Host-pathogen protein interaction studies: quality control of cDNA libraries using nanopore sequencing.

Protein-protein interactions (PPI) play a key role in host-pathogens interaction studies, as proteins are essential to many cellular mechanisms. The yeast two-hybrid (Y2H) approach is a well-established method for high-throughput PPI screening and mapping of protein interaction networks. The success of this approach partially depends on the quality and representativeness of the host cDNA library, which can be constructed from the transcriptomic content of a selected host cellular type. However, evaluating the relevance of the cDNA library content remains challenging, and one of the key limitations of this interactomic approach is the occurrence of false-negative results (i.e., the absence of detectable interactions).

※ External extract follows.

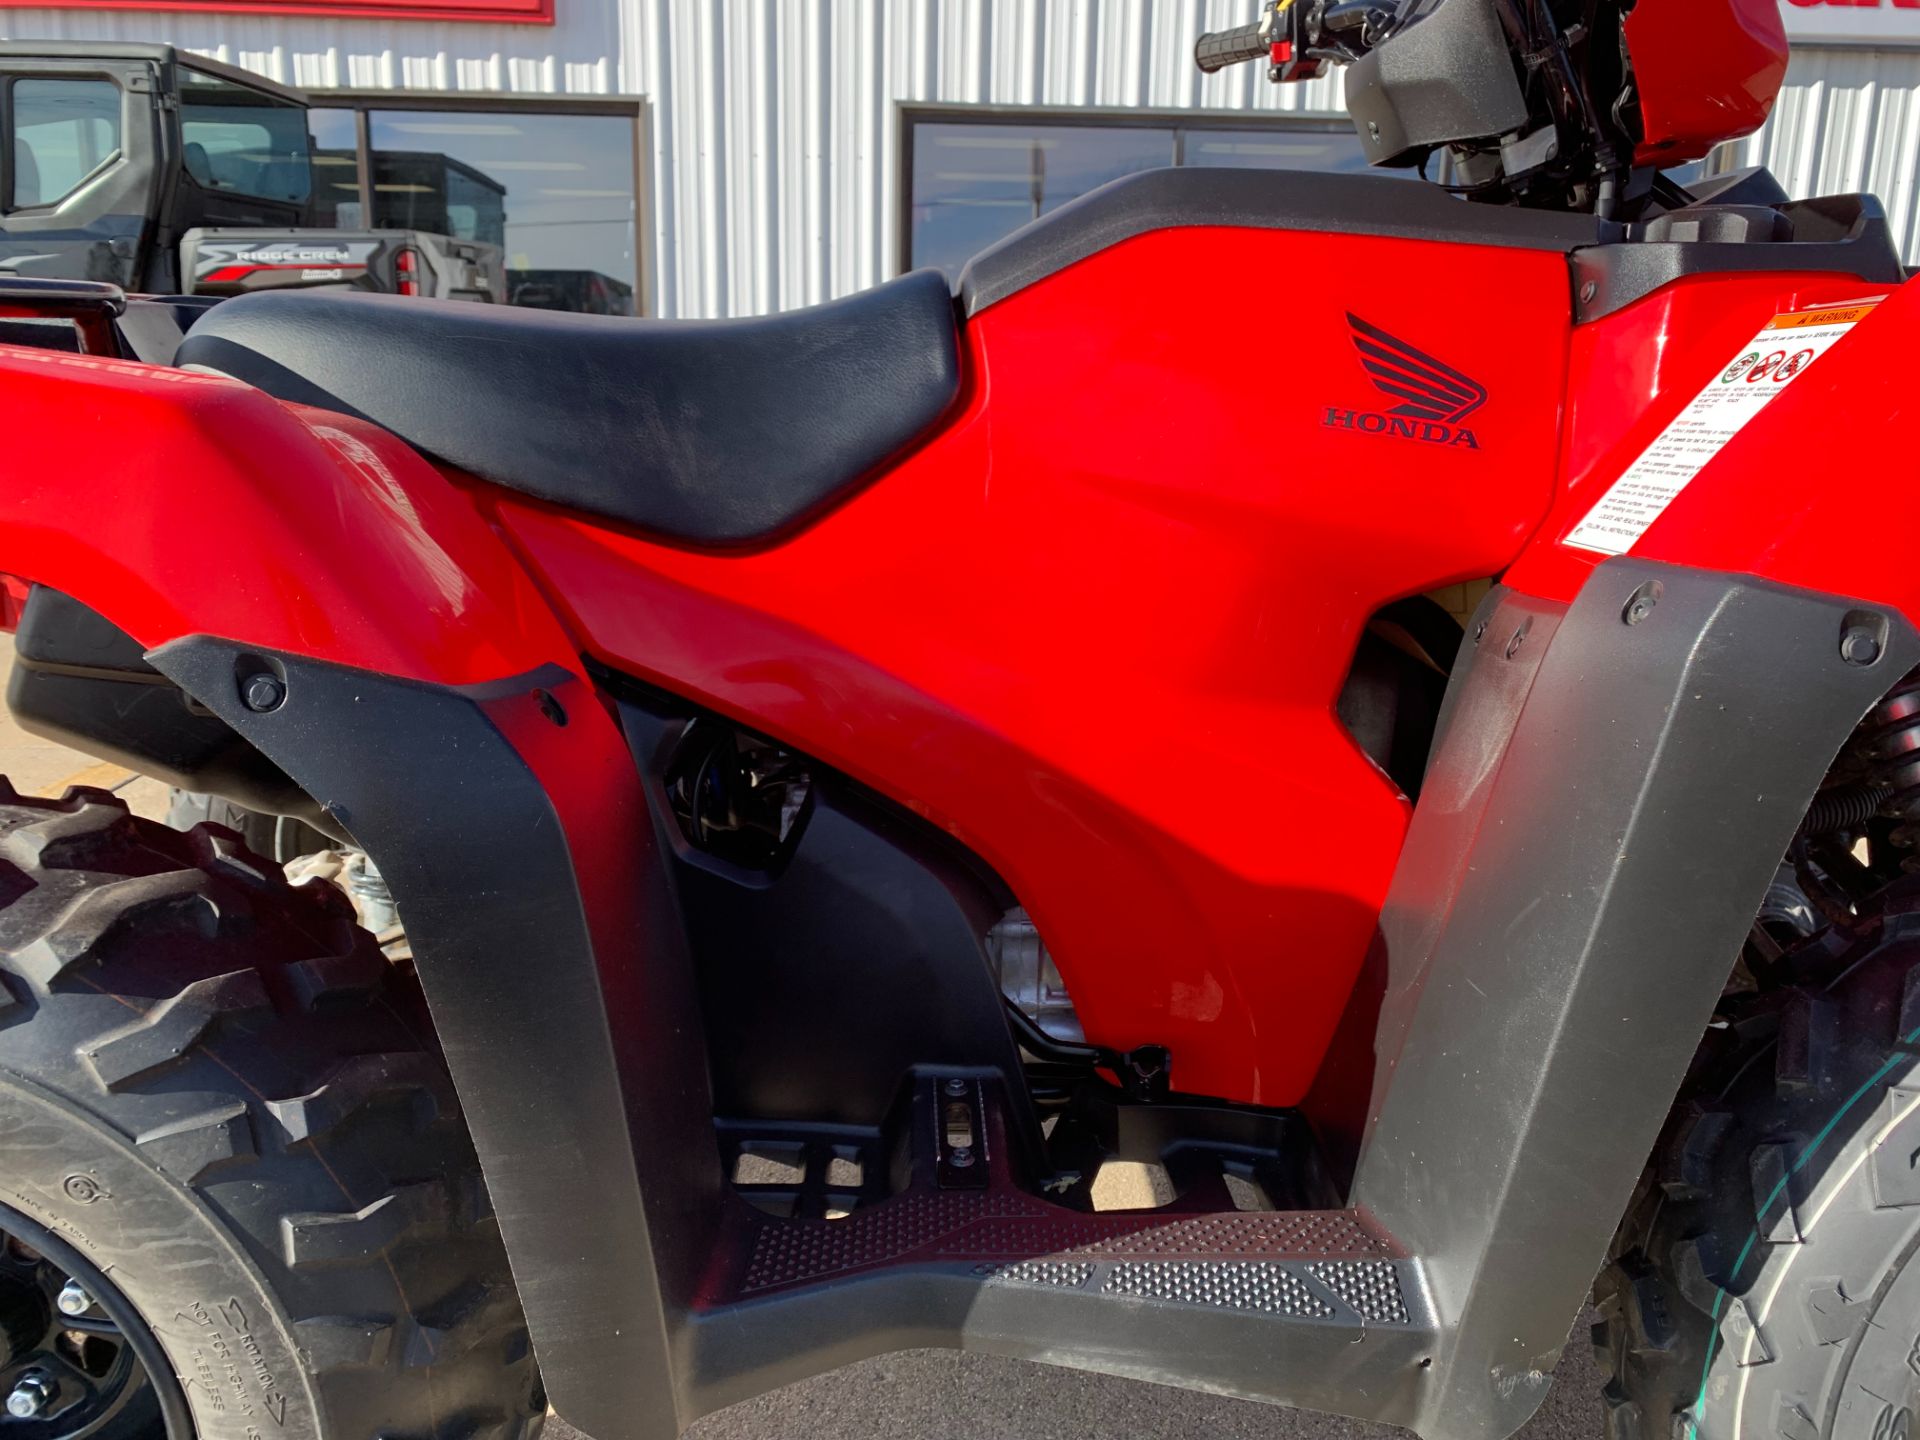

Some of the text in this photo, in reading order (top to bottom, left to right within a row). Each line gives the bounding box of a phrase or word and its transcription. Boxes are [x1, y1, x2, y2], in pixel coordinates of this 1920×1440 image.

Here, we report a direct, long read, high-throughput sequencing method using Oxford Nanopore Technologies, to assess the completeness of the host cDNA library used in host-pathogen interactions Y2H screening. This approach enables easy identification of possible downstream screened genes in PPI assays, minimizing sequencing biases and bioinformatics handling of the data. This study was performed on a cDNA library, generated from A549 human lung carcinoma cells. We were able to identify 12,123 protein coding genes from the sequencing of whole plasmids containing the cDNA inserts, that were further analyzed via functional pathways enrichment for deeper characterization. This diversity and relative abundance evaluation method could be a first step when generating new cDNA libraries of interest for PPI studies, ensuring the validity and suitability of the host library before proceeding with all Y2H screening steps.